- Abbott’s remote heart failure monitoring system has improved quality of life and reduced heart failure hospitalizations in a clinical trial.
- The data, which were published in The Lancet, come from a trial that randomized 348 patients to be monitored using Abbott’s CardioMEMS device or standard care. The study linked the device to a 44% reduction in heart failure-related hospitalizations.
- Dutch researchers ran the clinical trial to address the lack of evidence on the use of the device in Europe. The study is the third randomized, controlled trial globally to link CardioMEMS to a significant health benefit.
CardioMEMS consists of a paperclip-sized sensor that is implanted in the pulmonary artery. Once in place, the sensor monitors pulmonary artery pressure and sends notifications if changes in the patient’s condition indicate worsening heart failure. The device is designed to detect deterioration before physiological markers change and thereby enable early, proactive adjustments to treatment.
Abbott won U.S. Food and Drug Administration approval for a wireless version of the device in 2014 and has continued to gather data on its safety and efficacy since then. The latest evidence comes from a trial initiated by investigators in the Netherlands.
The evidence, which was also shared at a European Society of Cardiology meeting, shows that patients monitored using Abbott’s CardioMEMS scored significantly higher on the Kansas City Cardiomyopathy Questionnaire (KCCQ) overall summary than their peers in the control group. KCCQ Scores, a measure of the patient's perception of their health status, improved by seven points in the CardioMEMS cohort.
With scores falling slightly in the control group, the study detected a significant difference in the KCCQ results, indicating that CardioMEMS improved the quality of the patients’ lives. Improvements in KCCQ were seen from the first assessment, which took place three months after implantation. Patients in the CardioMEMS cohort were also less likely to be hospitalized with heart failure.
Earlier data on the effectiveness of CardioMEMS primarily came from the U.S.. Running the study at 25 centers in the Netherlands meant the device needed to improve on high-quality standard care, according to J.J. Brugts, principal investigator for the trial and associate professor at Erasmus Medical Center.
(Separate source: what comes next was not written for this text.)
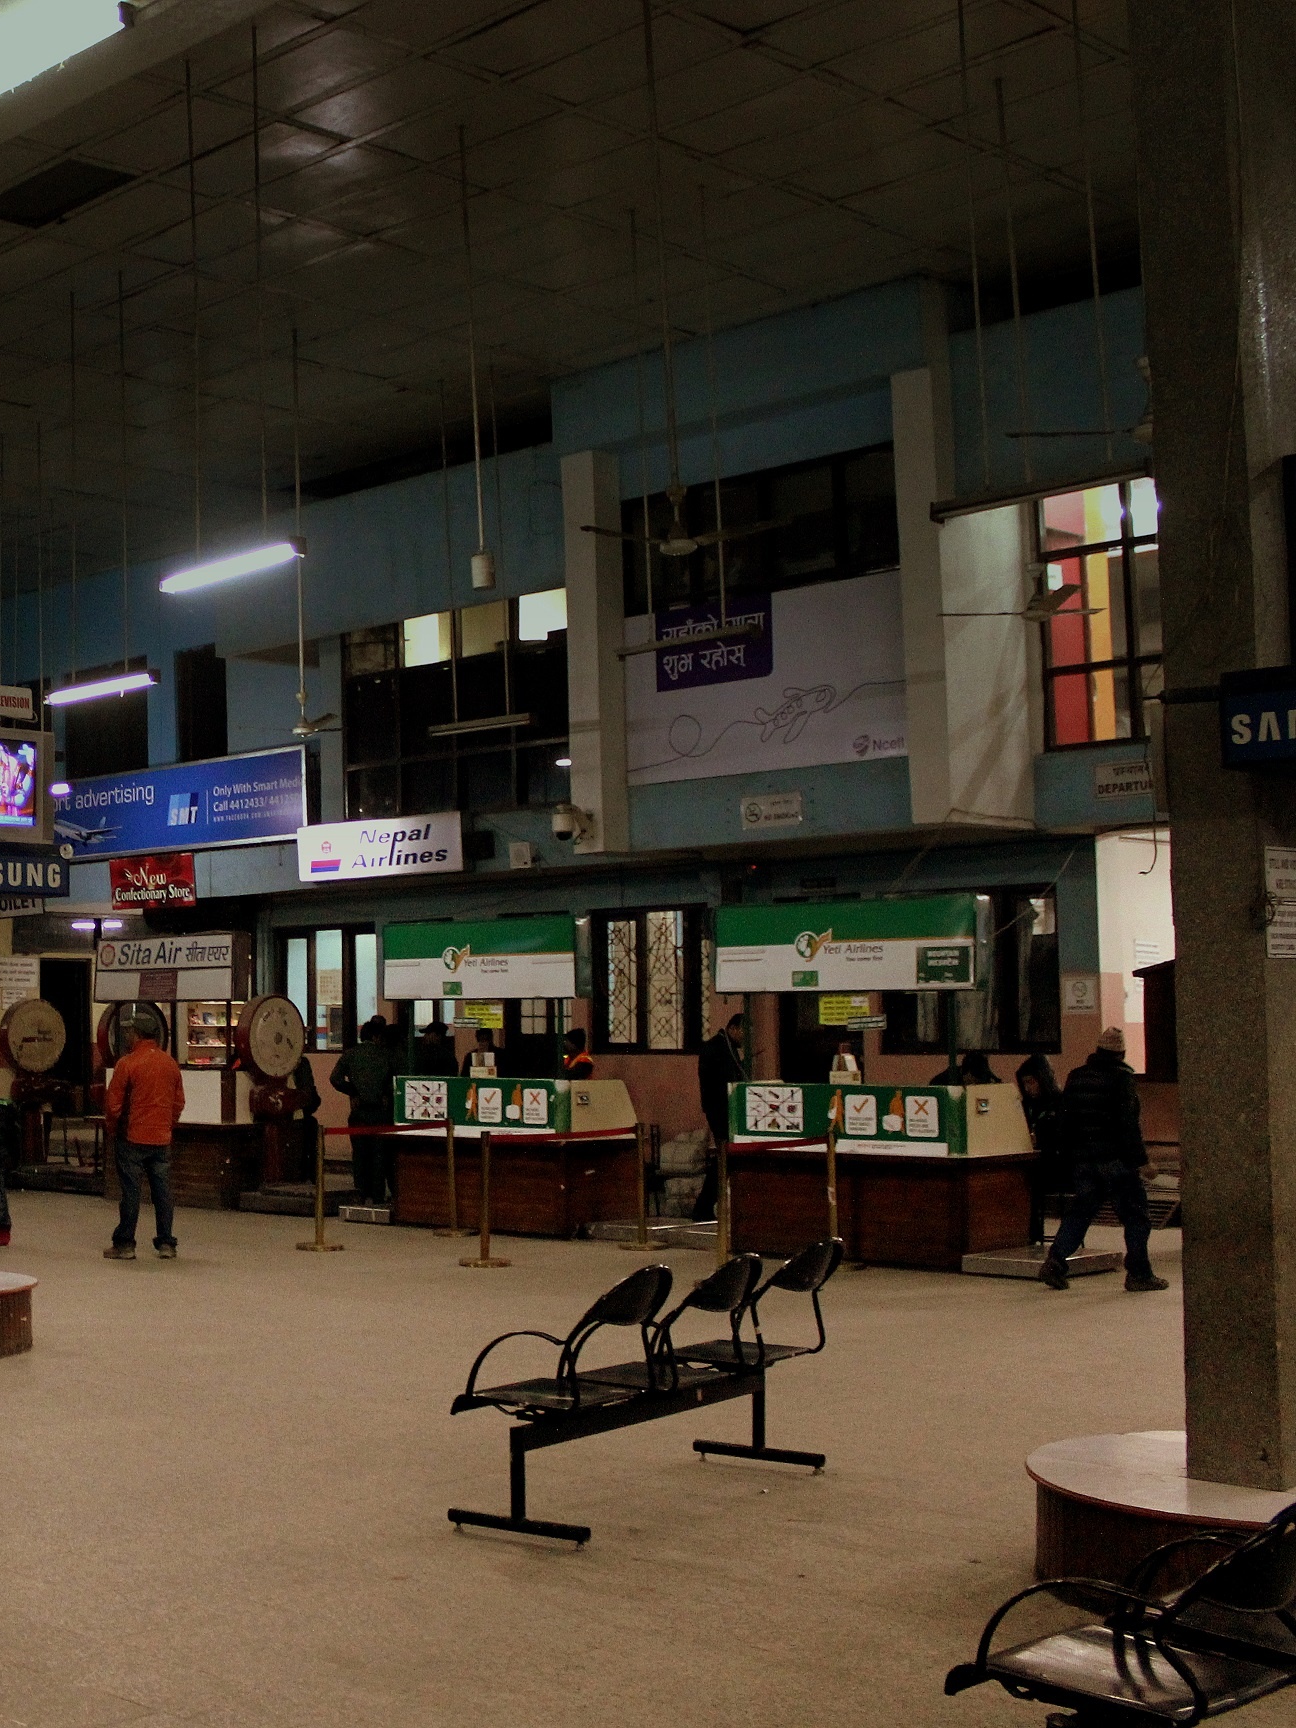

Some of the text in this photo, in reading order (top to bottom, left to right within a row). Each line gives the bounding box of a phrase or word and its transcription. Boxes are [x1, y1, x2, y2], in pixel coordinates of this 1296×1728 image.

“The Dutch health care system is known for its structured approach to heart failure management at outpatient clinics with general access to guideline-directed medical therapies. This approach raises the bar, making the MONITOR-HF results even more meaningful given that patients who were already receiving a high standard of care reported significant improvements in their quality-of-life while using the CardioMEMS monitoring system,” Brugts said in a statement.